Ganda putra lainnya yang tersingkir ialah Pramudya/Yeremia yang kalah dari peraih medali perunggu Olimpiade Tokyo 2020 asal Malaysia, Aaron Chia/Soh Wooi Yik lewat pertarungan rubber game 21-14, 12-21, 20-22.

Dari sektor tunggal putra, wakil Indonesia yang gagal yakni Anthony Sinisuka Ginting yang menyerah dari pebulutangkis Denmark, Viktor Axelsen. Pemain asal Cimahi itu takluk dari pebulu tangkis rangking satu dunia itu dengan skor 13-21, 21-19, 9-21.

Satu lagi wakil Indonesia yang gagal ke empat besar ialah Apriyani/Fadia. Peraih medali emas SEA Games 2021 itu harus mengakui keunggulan ganda putri Korea Selatan, Lee So Hee/Shin Seung Chan dengan skor 14-21, 19-21.

Hasil Mengejutkan

Hasil ajang Indonesia Open 2022 ini sungguh mengejutkan jika mau dibilang. Di Indonesia Masters 2022, Tim Merah Putih masih beruntung karena meraih satu gelar juara dan runner up. Turnamen Indonesia Masters 2022 yang digelar sebelum Indonesia Open 2022.

Gelar juara diraih melalui ganda putra Fajar Alfian/Muhammad Rian Ardianto. Bagi ganda putra Indonesia ini, gelar tersebut  merupakan gelar pertama mereka di Indonesia Masters dan pertama di Istora Gelora Bung Karno Senayan.

Sedangkan runner up diraih ganda putri Apriyani Rahayu/Siti Fadia Silva Ramadhanti. Ganda putri Indonesia kalah di babak final oleh pasangan China, Cheng Qing Chen/Jia Yi Fan.

Mengapa Indonesia gagal total terutama di Indonesia Open 2022 padahal terang-terangan menjadi tuan rumah dengan dukungan penonton yang sangat luar biasa apalagi berlangsung di Istora Gelora Bung Karno Senayan yang sejak dulu dikenal sebagai 'tempat angker' bagi pebulu tangkis bukan Indonesia.

Hasil kurang memuaskan itu sontak saja membuat Ketua Bidang Pembinaan dan Prestasi PP PBSI Rionny Mainaky angkat bicara. Ia terang-terangan menyebutkan, kegagalan skuad Cipayung di ajang Indonesia Open 2022 semata-mata karena faktor fisik dan teknik.

Masuk akal memang alasan tersebut. Karena waktu penyelenggaraan turnamen yang berdekatan antara Indonesia Masters dan Indonesia Open membuat beberapa pemain tuan rumah kelelahan. Namun sangat bijak jika hal ini menjadi alasan kegagalan Tim Merah Putih.
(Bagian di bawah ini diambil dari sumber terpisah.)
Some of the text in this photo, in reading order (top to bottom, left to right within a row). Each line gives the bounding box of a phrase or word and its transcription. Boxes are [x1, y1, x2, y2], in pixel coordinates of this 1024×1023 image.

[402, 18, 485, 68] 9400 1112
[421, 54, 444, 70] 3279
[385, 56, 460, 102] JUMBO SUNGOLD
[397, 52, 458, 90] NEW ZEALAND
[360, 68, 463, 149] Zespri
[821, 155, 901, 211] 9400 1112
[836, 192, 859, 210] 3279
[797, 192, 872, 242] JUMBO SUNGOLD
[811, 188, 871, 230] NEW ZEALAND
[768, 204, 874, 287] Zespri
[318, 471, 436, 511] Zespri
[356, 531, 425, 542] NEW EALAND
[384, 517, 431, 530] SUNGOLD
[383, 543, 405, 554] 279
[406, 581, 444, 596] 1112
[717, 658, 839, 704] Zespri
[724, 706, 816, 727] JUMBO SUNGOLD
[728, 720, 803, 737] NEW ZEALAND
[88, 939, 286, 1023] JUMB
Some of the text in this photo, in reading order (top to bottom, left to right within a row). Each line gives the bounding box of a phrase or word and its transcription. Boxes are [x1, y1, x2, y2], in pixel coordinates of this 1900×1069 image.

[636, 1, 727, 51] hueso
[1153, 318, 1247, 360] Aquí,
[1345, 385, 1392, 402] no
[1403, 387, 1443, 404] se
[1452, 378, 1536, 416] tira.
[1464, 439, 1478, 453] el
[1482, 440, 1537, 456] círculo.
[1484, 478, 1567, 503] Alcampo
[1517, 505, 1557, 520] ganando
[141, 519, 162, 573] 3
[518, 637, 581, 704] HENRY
Dalam turnamen berhadiah total 1,2 juta dolar AS tersebut, dari empat wakil yang tersisa di perempat final, semuanya gagal memetik kemenangan. Akhirnya, tidak ada wakil Indonesia yang lolos di semifinal.

"Melihat hasil keseluruhan saat kami gagal meloloskan wakil ke babak semifinal bukan tanpa alasan. Faktor kondisi fisik turut memengaruhi, sehingga wakil Indonesia gagal di babak perempat final," kata Rionny Mainaky di Istora Gelora Bung Karno, Senayan, Jakarta, Sabtu (18/6/2022) sore.
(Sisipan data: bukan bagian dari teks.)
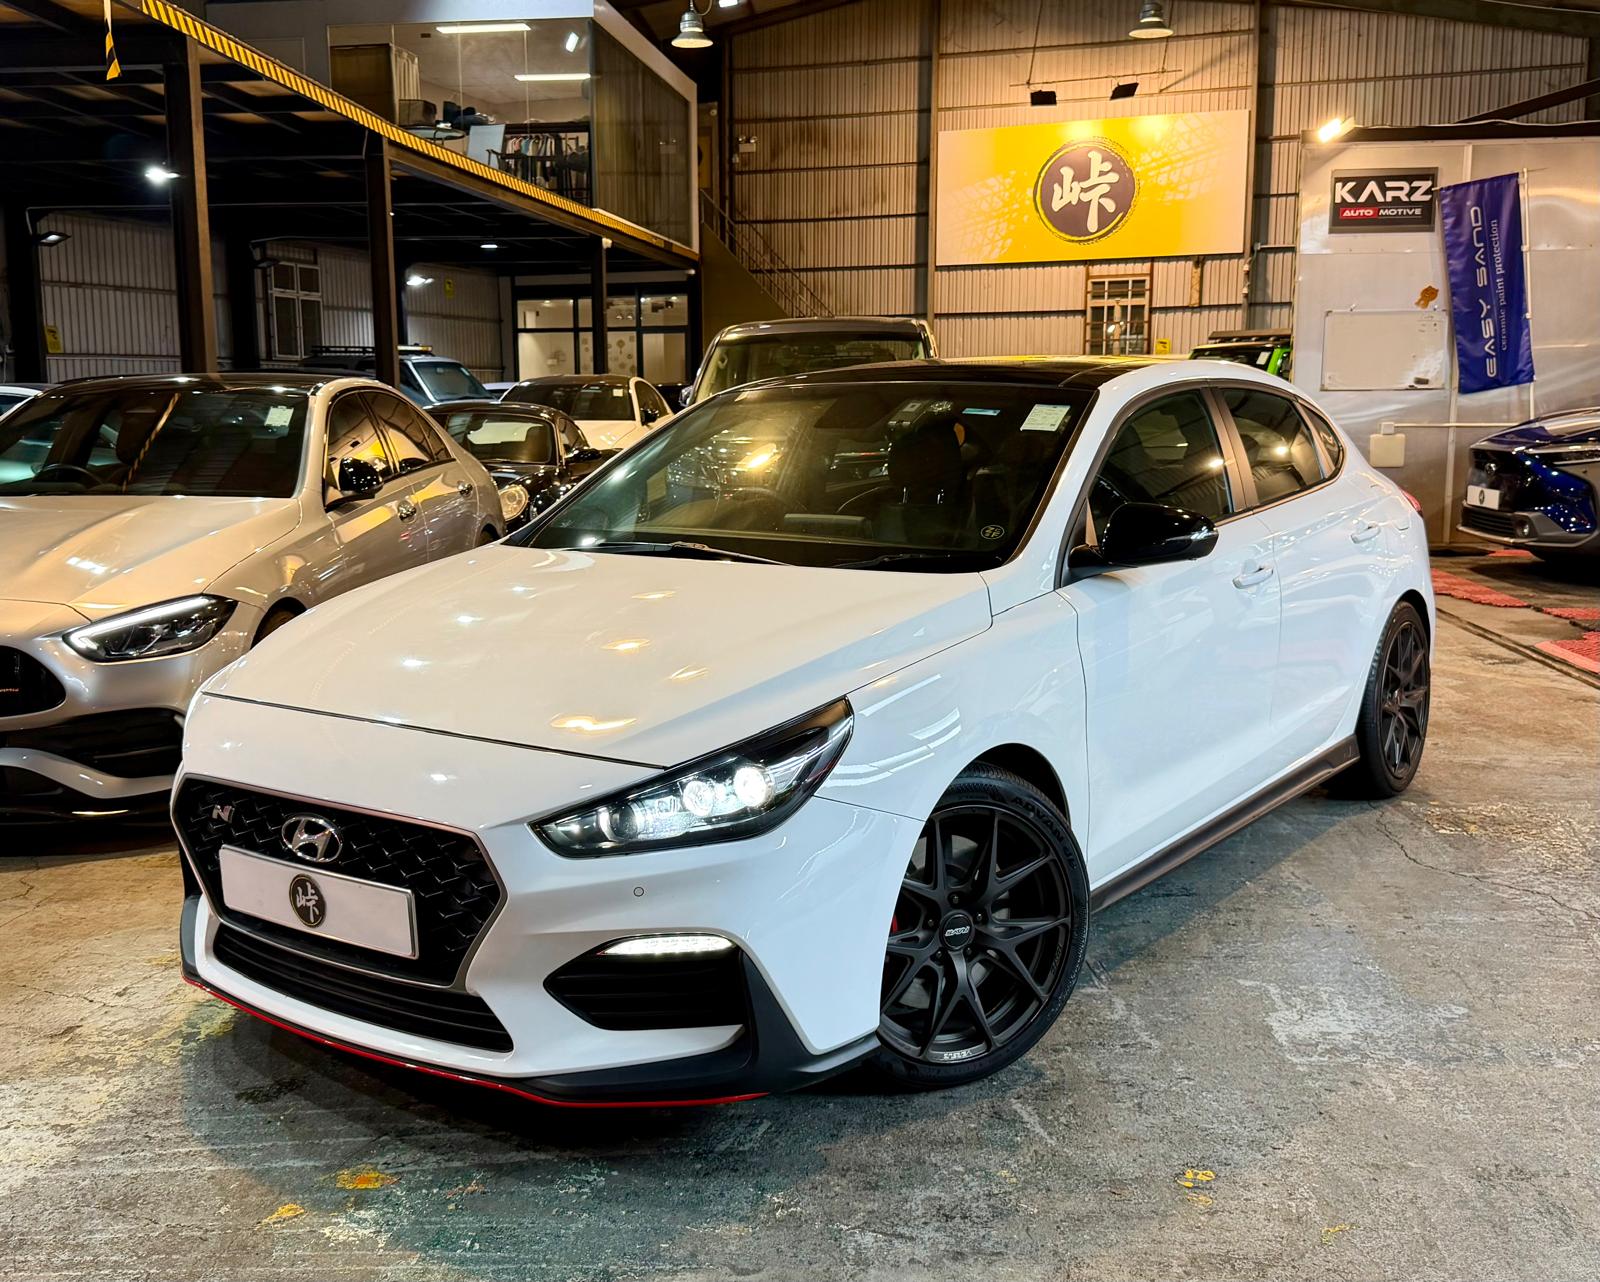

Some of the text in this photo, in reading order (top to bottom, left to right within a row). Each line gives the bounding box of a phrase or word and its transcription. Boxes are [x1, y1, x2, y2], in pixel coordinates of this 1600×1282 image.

[1051, 151, 1119, 233] 峠
[1335, 180, 1433, 203] KARZ
[1343, 208, 1422, 217] AUTO MOTIVE
[1491, 219, 1505, 275] protection
[1470, 206, 1497, 377] EASY SAND
[1496, 279, 1507, 306] paint
[212, 804, 235, 823] N
[296, 881, 319, 923] 峠
Jika ini persoalannya maka tidak ada kata terlambat untuk mengenjot kondisi fisik pemain. Apalagi sebentar lagi tim bulutangkis Indonesia akan berjuang kembali di Malaysia lalu  berlanjut ke Singapura Terbuka.

Untuk itu, beberapa persiapan dilakukan. Mulai dari pengembalian kondisi fisik, teknik, dan mental bertanding. "Hal itu tentu menjadi catatan dan evaluasi ke depannya, mengingat akan ada turnamen yang akan diikuti di bulan Juli nanti," Rionny Mainaky melanjutkan.

Sektor Tunggal Putra

Terkait hal itu maka tidak salah jika perlu ada program khusus baik teknik maupun fisik menjelang menjalani turnamen padat berikutnya. Selain itu, pemain juga harus terus diberi motivasi sehingga mempunya semangat berjuang dan mental juara. Karena hal itu sepatunya menjadi harga mati bagi pebulu tangkis Indonesia jika ingin kembali berjaya.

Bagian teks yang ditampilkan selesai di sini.